* _What is needed_
Please write out every line of the material, leaving out any picture.

* _Data for review_
+ + +
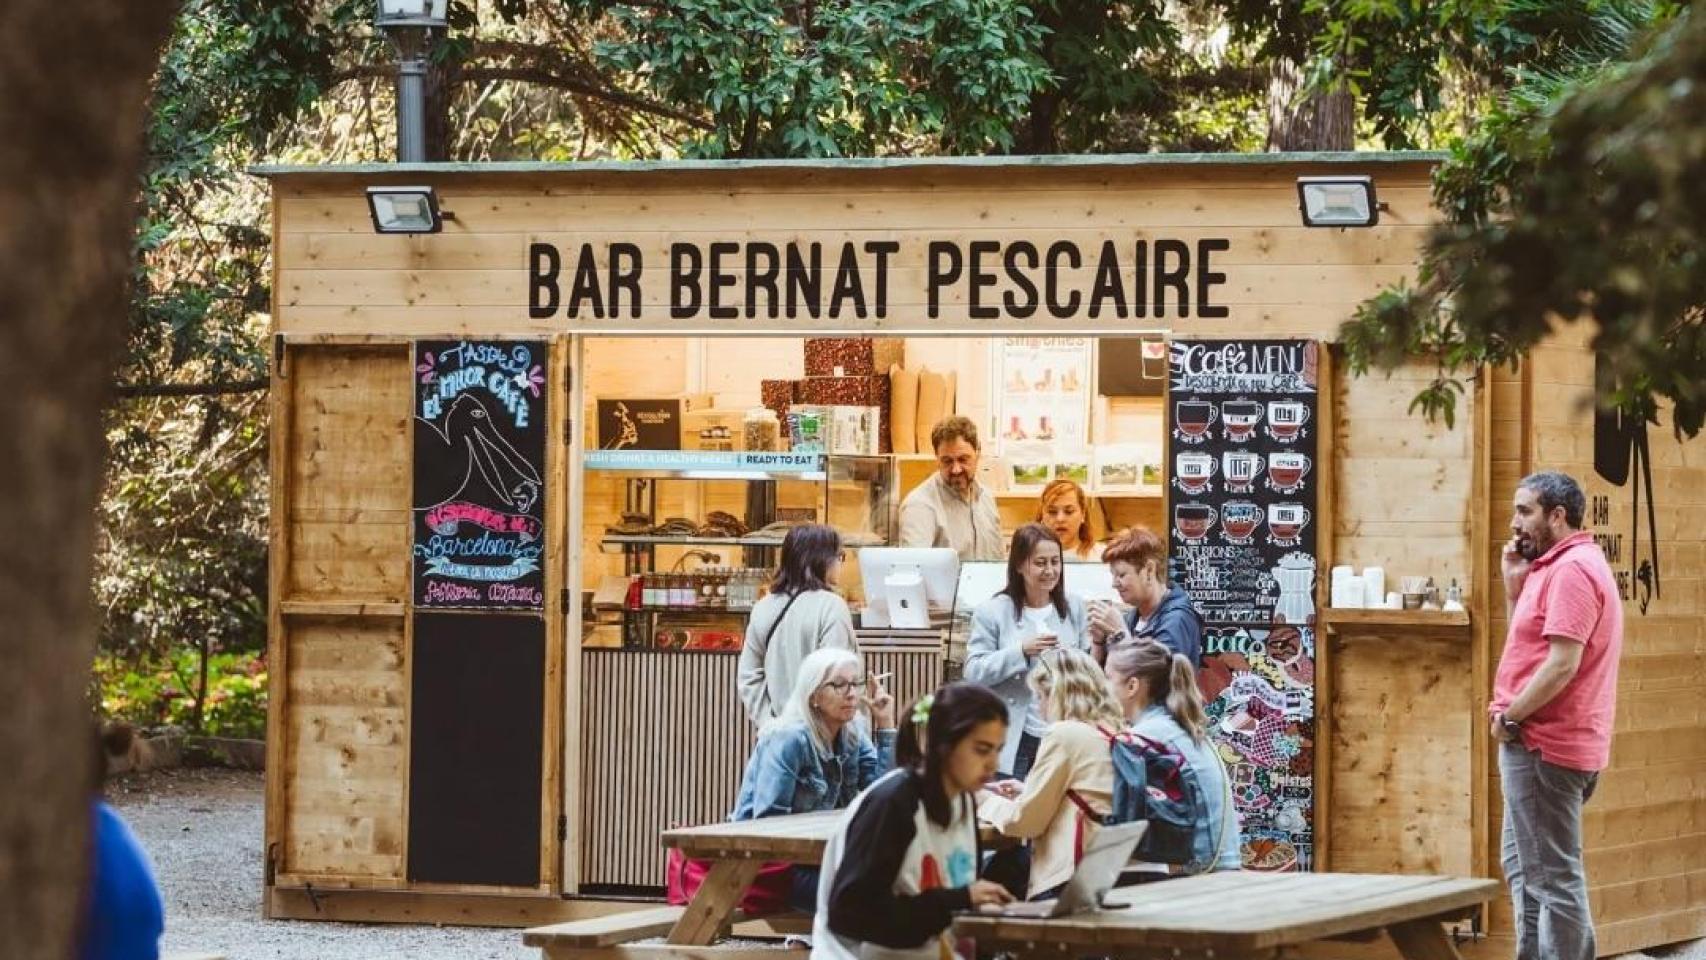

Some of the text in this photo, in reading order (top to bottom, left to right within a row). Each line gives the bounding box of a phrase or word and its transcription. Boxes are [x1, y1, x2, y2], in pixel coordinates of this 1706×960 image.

[529, 239, 1229, 318] BAR BERNAT PESCAIRE
[440, 366, 486, 400] MILLOR
[746, 455, 777, 465] READY
[780, 455, 793, 465] TO
[795, 455, 812, 465] EAT
[1593, 496, 1609, 525] BAR
[429, 531, 516, 557] Barcelona
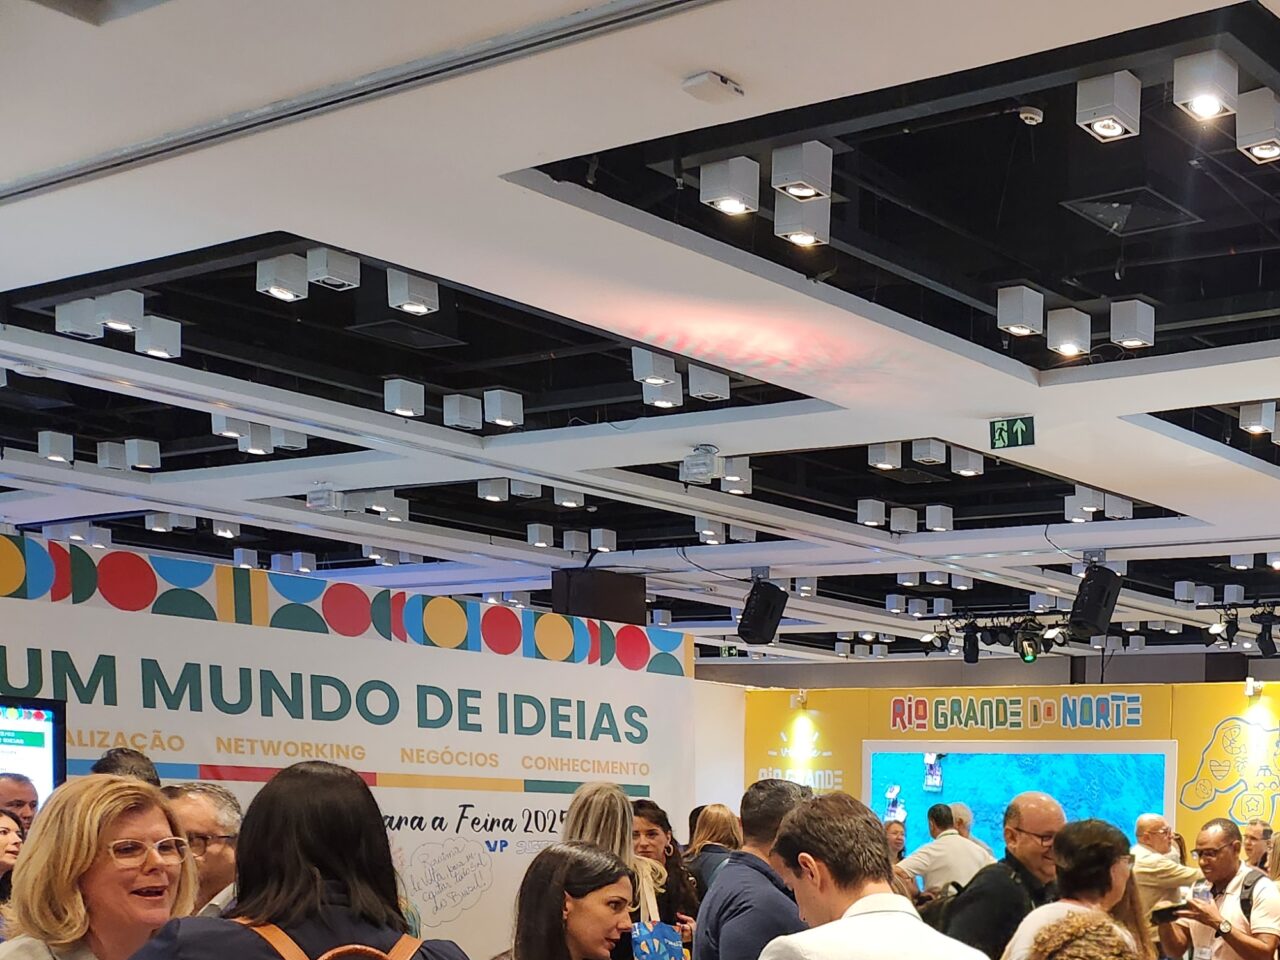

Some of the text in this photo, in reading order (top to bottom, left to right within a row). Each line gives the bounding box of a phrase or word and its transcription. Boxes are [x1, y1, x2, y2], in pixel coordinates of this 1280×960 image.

[0, 644, 649, 745] UM MUNDO DE IDEIAS
[932, 695, 1023, 731] GRANDE
[1061, 692, 1142, 730] NORTE
[216, 736, 366, 761] NETWORKING
[400, 746, 499, 768] NEGÓCIOS
[521, 755, 650, 777] CONHECIMENTO
[383, 814, 427, 831] ara
[431, 816, 448, 831] a
[455, 804, 518, 834] Feira
[485, 839, 508, 852] VP
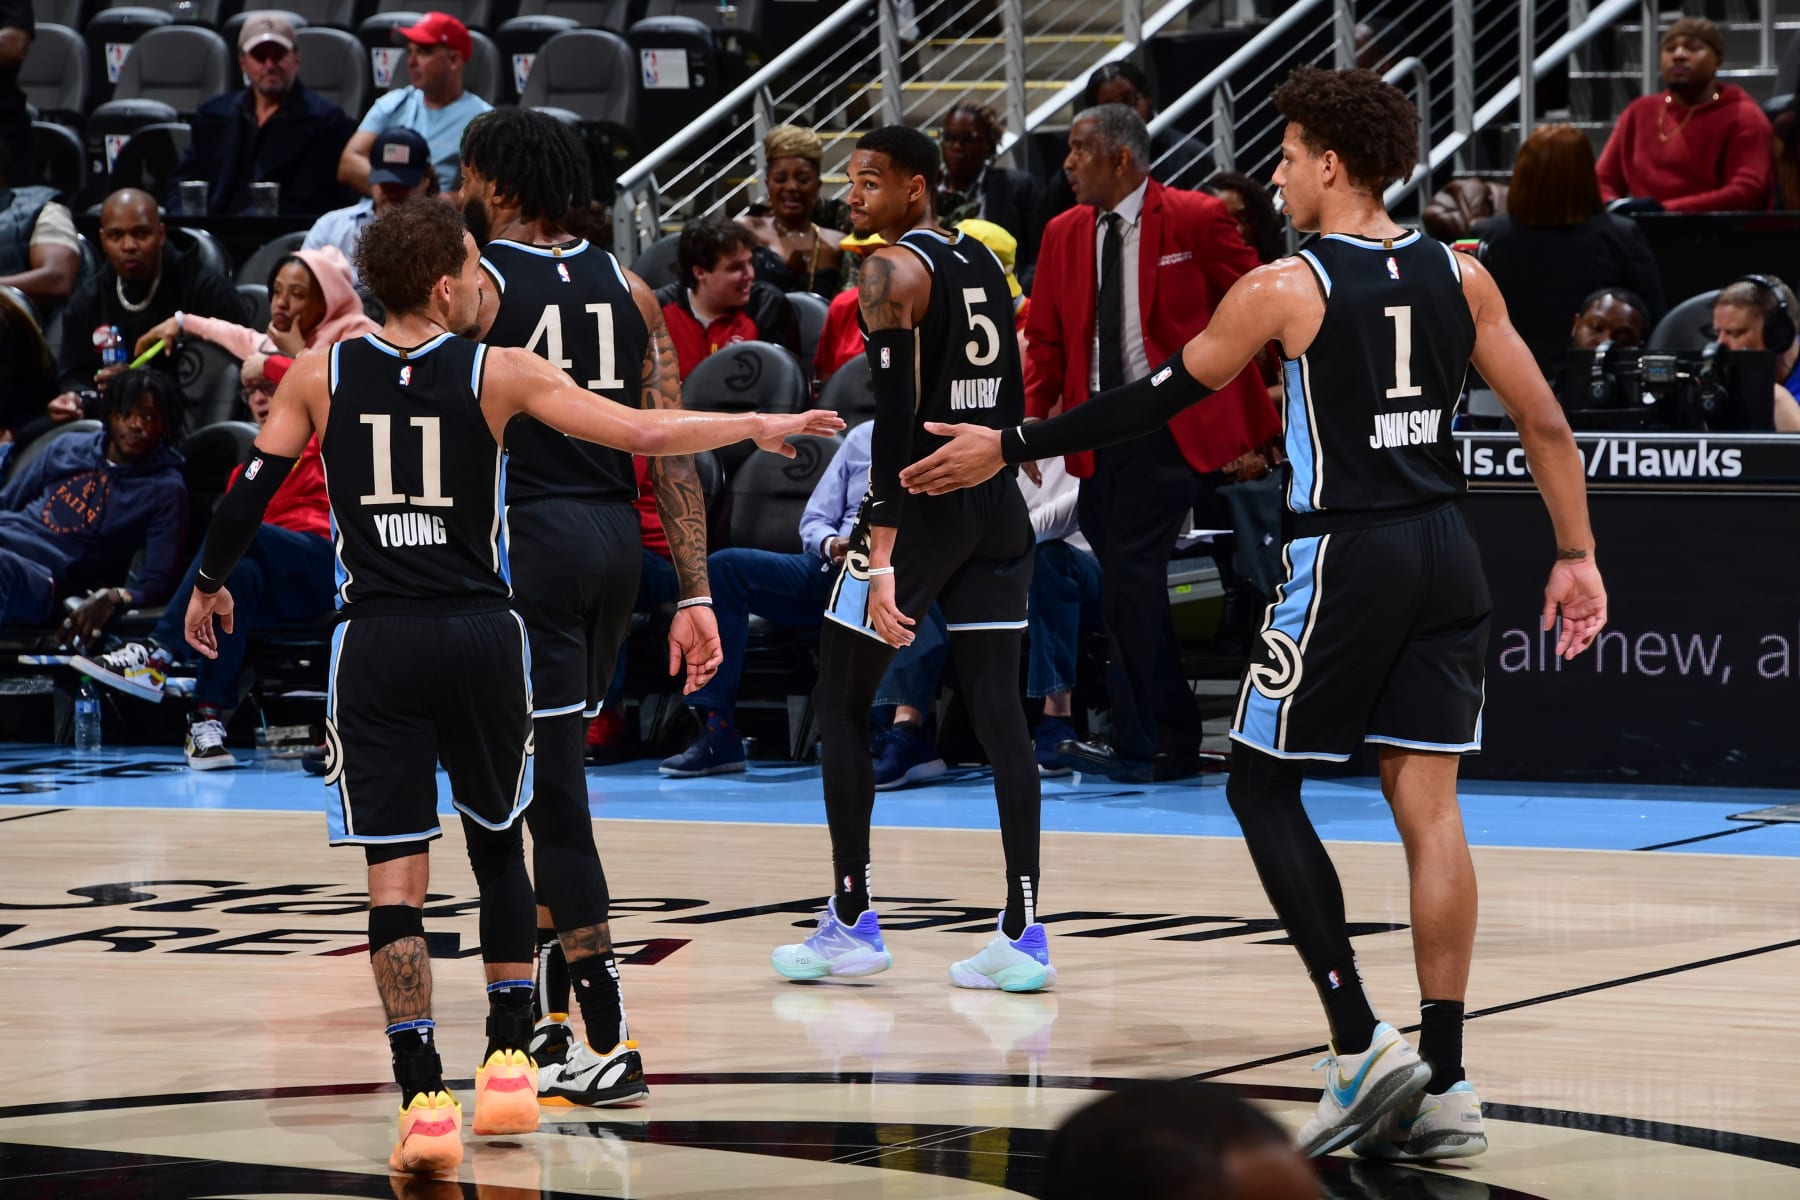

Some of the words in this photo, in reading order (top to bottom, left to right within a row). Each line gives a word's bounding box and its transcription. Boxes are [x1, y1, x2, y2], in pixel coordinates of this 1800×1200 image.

[524, 303, 624, 389] 41
[962, 287, 1000, 366] 5
[1384, 305, 1422, 399] 1
[359, 413, 453, 507] 11
[373, 512, 447, 548] YOUNG
[1499, 614, 1562, 673] all
[1596, 630, 1731, 685] new,
[1757, 619, 1800, 680] a
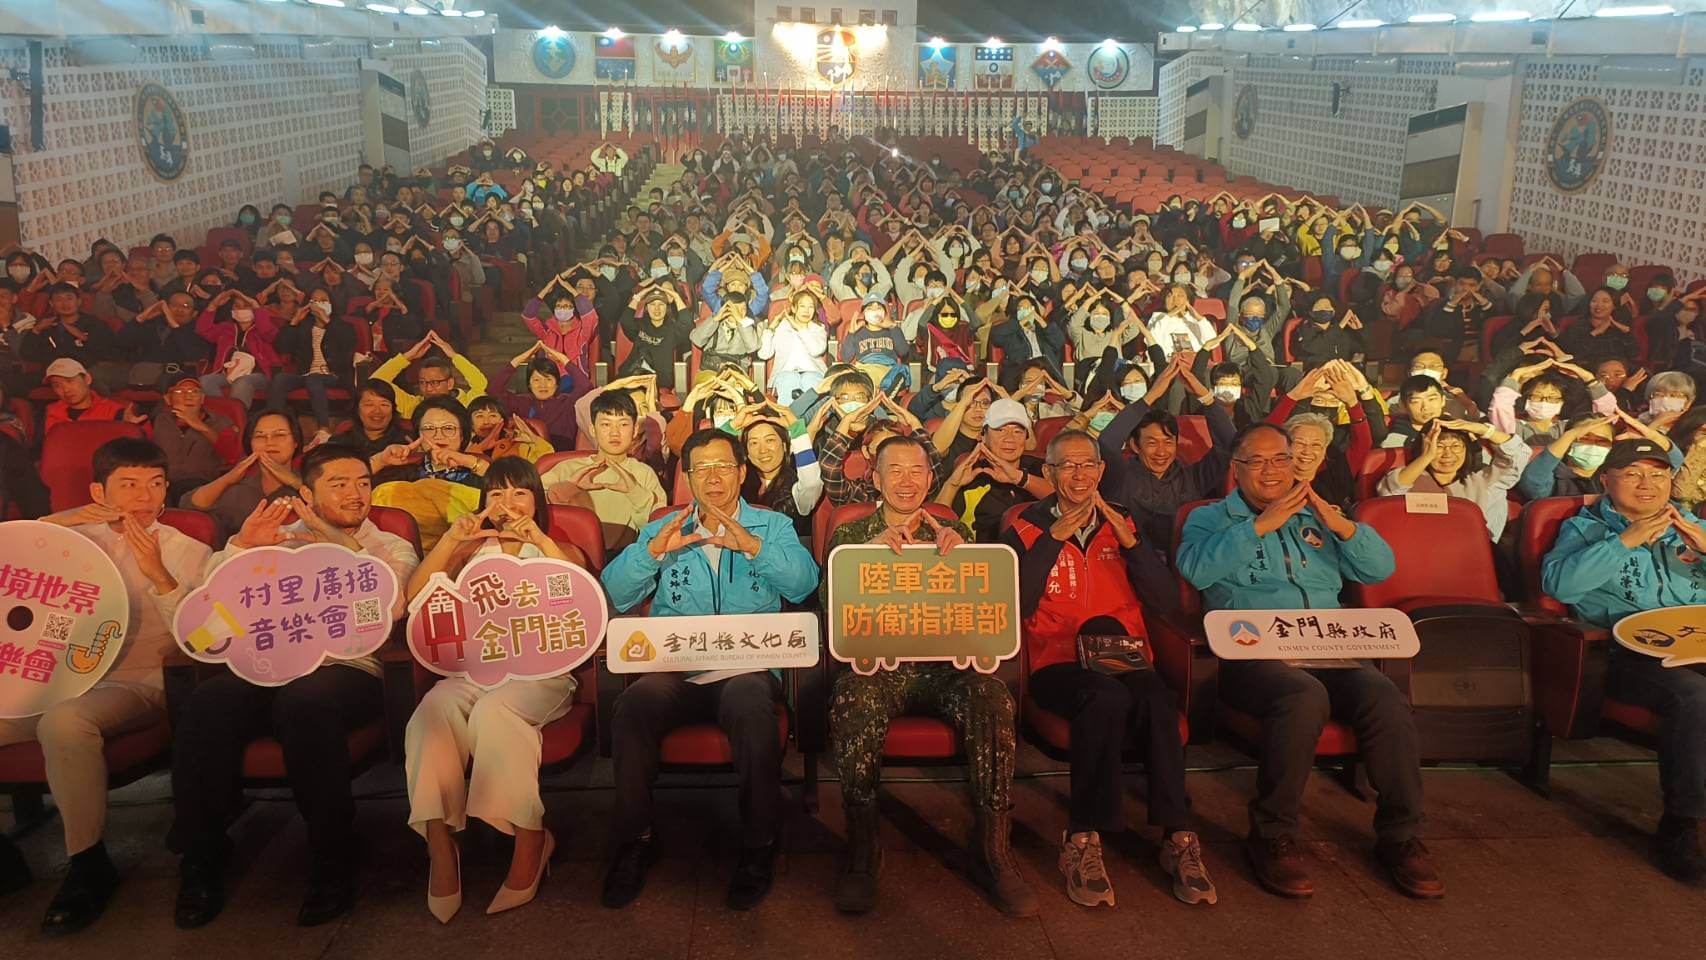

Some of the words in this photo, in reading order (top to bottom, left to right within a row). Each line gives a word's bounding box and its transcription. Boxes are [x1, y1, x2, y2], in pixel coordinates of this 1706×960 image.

[239, 562, 378, 609] 村里廣播
[468, 572, 541, 616] 飛去
[859, 561, 990, 595] 陸軍金門
[248, 604, 349, 651] 音樂會
[475, 609, 587, 662] 金門話
[842, 602, 1008, 637] 防衛指揮部
[1267, 616, 1397, 640] 金門縣政府
[663, 629, 807, 653] 金門縣文化局
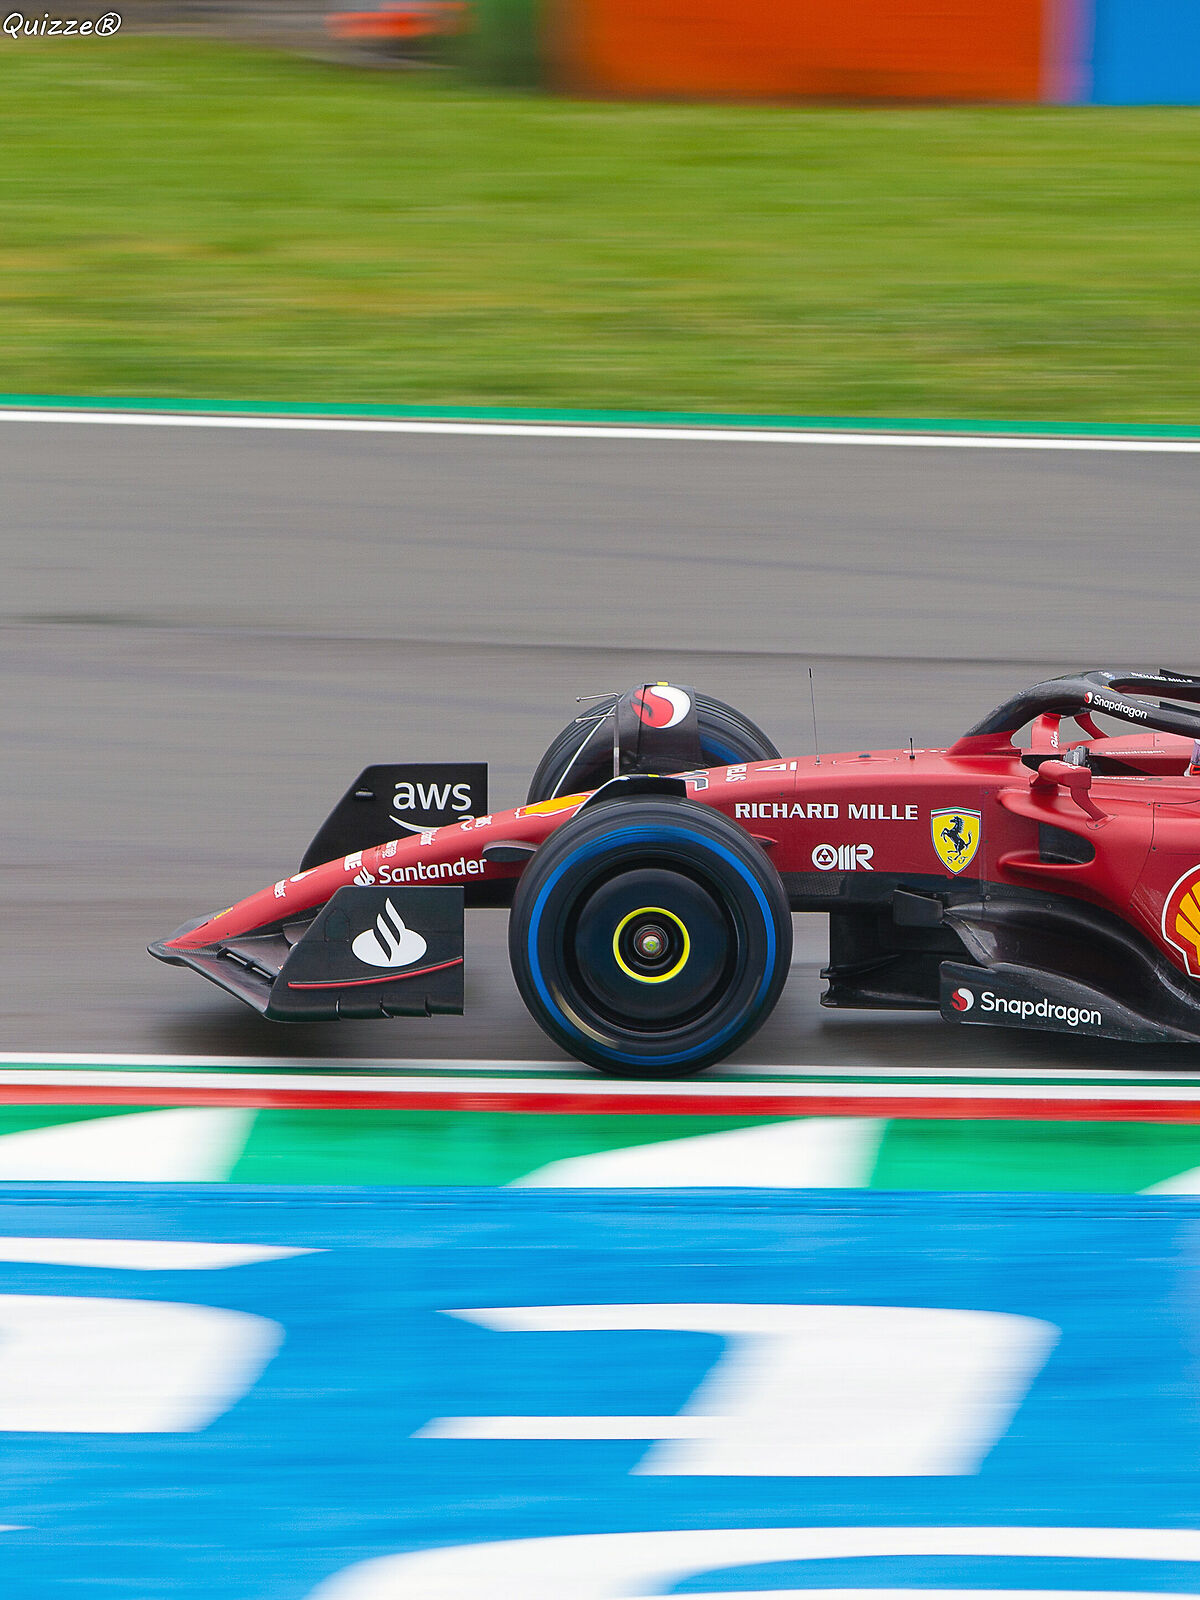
+ + +
* _Written response_
Some of the text in this photo, in reading order (top to bottom, left to right within a row). Each line gives the bounding box of a phrase or word and its transcription. Boxes are [x1, y1, x2, y2], in pixel coordinates of this 1706×960 image.

[529, 239, 1229, 318] BAR BERNAT PESCAIRE
[440, 366, 486, 400] MILLOR
[746, 455, 777, 465] READY
[780, 455, 793, 465] TO
[795, 455, 812, 465] EAT
[1593, 496, 1609, 525] BAR
[429, 531, 516, 557] Barcelona

Some of the text in this photo, in reading order (top to bottom, left to right within a row). Each line gives the bounding box of a phrase or word and its transcription. Boxes are [x1, y1, x2, y2], in pixel coordinates of this 1280×960 image.

[0, 644, 649, 745] UM MUNDO DE IDEIAS
[932, 695, 1023, 731] GRANDE
[1061, 692, 1142, 730] NORTE
[216, 736, 366, 761] NETWORKING
[400, 746, 499, 768] NEGÓCIOS
[521, 755, 650, 777] CONHECIMENTO
[383, 814, 427, 831] ara
[431, 816, 448, 831] a
[455, 804, 518, 834] Feira
[485, 839, 508, 852] VP

Some of the words in this photo, in reading order (top to bottom, left to right within a row). Each line gives a word's bounding box and its transcription. Boxes are [x1, y1, x2, y2], in pixel coordinates of this 1800×1200 image.

[524, 303, 624, 389] 41
[962, 287, 1000, 366] 5
[1384, 305, 1422, 399] 1
[359, 413, 453, 507] 11
[373, 512, 447, 548] YOUNG
[1499, 614, 1562, 673] all
[1596, 630, 1731, 685] new,
[1757, 619, 1800, 680] a

Some of the words in this photo, in reading order (top to bottom, left to right within a row). Each line gives a word's bounding box and its transcription. Boxes are [x1, y1, x2, y2], in pixel coordinates of this 1706×960 image.

[239, 562, 378, 609] 村里廣播
[468, 572, 541, 616] 飛去
[859, 561, 990, 595] 陸軍金門
[248, 604, 349, 651] 音樂會
[475, 609, 587, 662] 金門話
[842, 602, 1008, 637] 防衛指揮部
[1267, 616, 1397, 640] 金門縣政府
[663, 629, 807, 653] 金門縣文化局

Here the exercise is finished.